> **DATASET RECORDS**

★ ★ ★ ★ ★ ★ ★

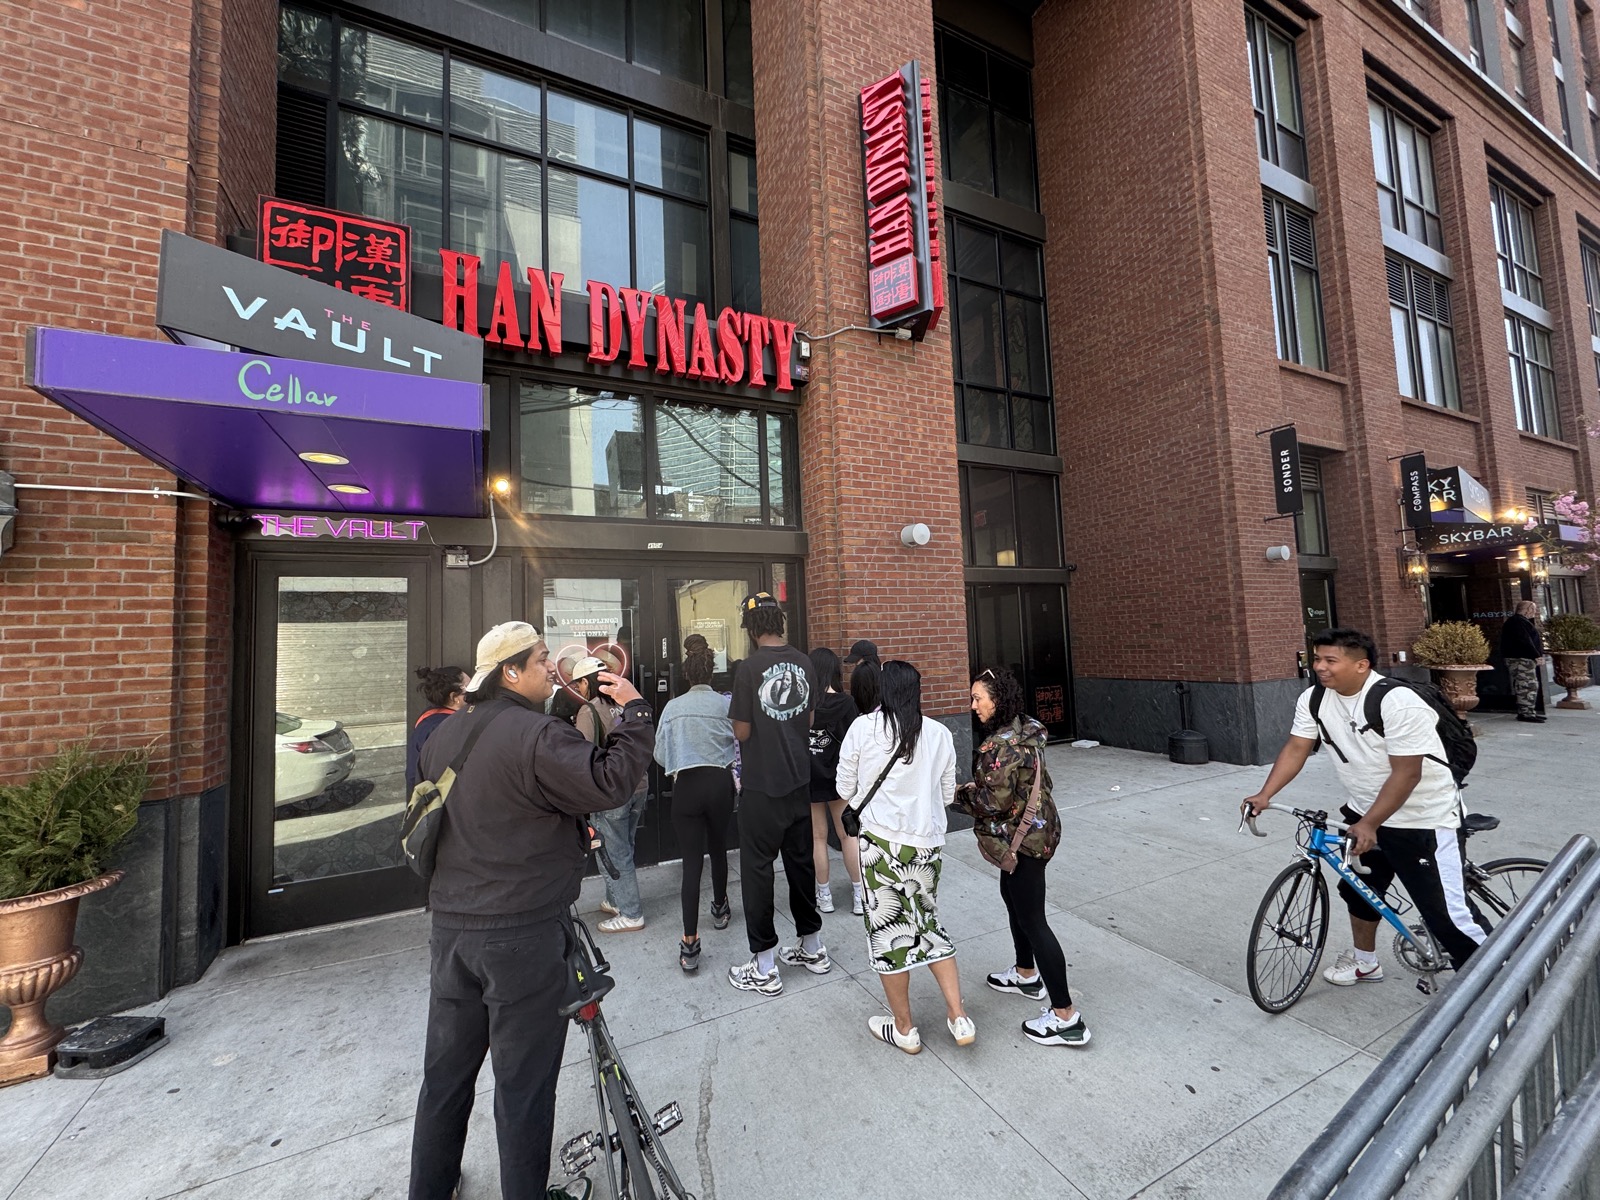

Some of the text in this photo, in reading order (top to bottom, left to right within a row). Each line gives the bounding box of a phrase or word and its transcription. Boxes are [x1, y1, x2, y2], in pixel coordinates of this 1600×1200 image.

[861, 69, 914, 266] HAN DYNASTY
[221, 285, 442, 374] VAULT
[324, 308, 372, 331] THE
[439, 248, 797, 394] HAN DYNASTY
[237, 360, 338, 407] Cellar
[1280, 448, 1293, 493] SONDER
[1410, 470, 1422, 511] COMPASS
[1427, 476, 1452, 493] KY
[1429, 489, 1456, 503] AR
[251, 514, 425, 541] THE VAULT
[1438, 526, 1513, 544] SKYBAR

★ ★ ★ ★ ★ ★ ★

> **DIRECTIONS FOR THIS TASK**
Reproduce these records exactly, but not the pictures.

> **COMPLETED TASK**
Some of the text in this photo, in reading order (top to bottom, left to right within a row). Each line gives the bounding box of a phrase or word and its transcription. Boxes are [x1, y1, x2, y2], in pixel coordinates of this 1600×1200 image.

[861, 69, 914, 266] HAN DYNASTY
[221, 285, 442, 374] VAULT
[324, 308, 372, 331] THE
[439, 248, 797, 394] HAN DYNASTY
[237, 360, 338, 407] Cellar
[1280, 448, 1293, 493] SONDER
[1410, 470, 1422, 511] COMPASS
[1427, 476, 1452, 493] KY
[1429, 489, 1456, 503] AR
[251, 514, 425, 541] THE VAULT
[1438, 526, 1513, 544] SKYBAR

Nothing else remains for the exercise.